BEGIN TASK MATERIAL

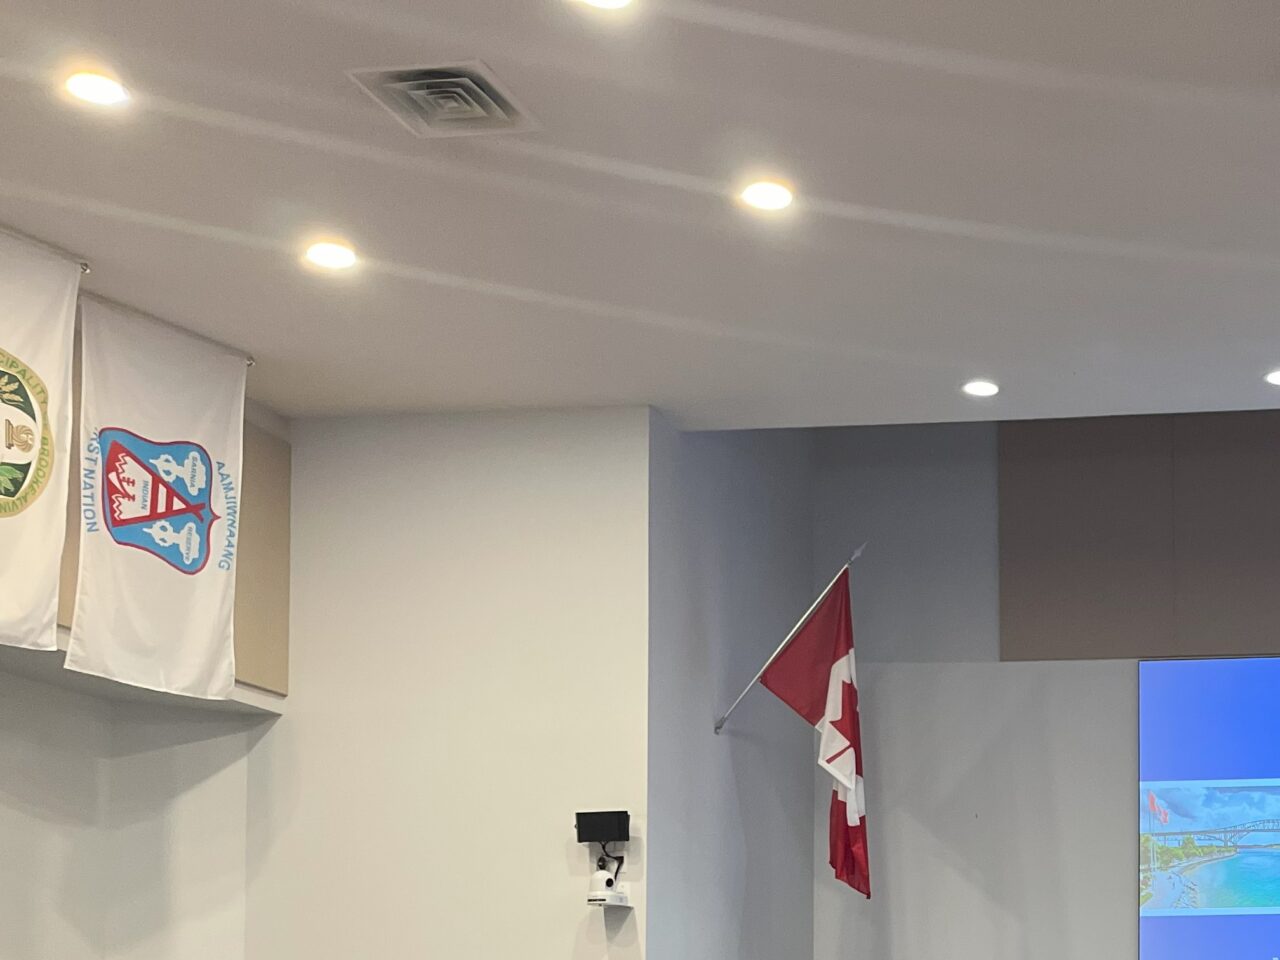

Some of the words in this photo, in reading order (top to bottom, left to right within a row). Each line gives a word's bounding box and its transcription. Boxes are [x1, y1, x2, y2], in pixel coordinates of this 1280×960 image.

[141, 480, 149, 511] INDIAN
[189, 456, 198, 488] SARNIA
[83, 467, 99, 533] NATION
[216, 461, 237, 571] AAMJIWNAANG

END TASK MATERIAL

**WHAT TO PRODUCE:** All of the entries above are to be restated word for word, minus the images.

**ANSWER TO THE PROBLEM:**
Some of the words in this photo, in reading order (top to bottom, left to right within a row). Each line gives a word's bounding box and its transcription. Boxes are [x1, y1, x2, y2], in pixel coordinates of this 1280×960 image.

[141, 480, 149, 511] INDIAN
[189, 456, 198, 488] SARNIA
[83, 467, 99, 533] NATION
[216, 461, 237, 571] AAMJIWNAANG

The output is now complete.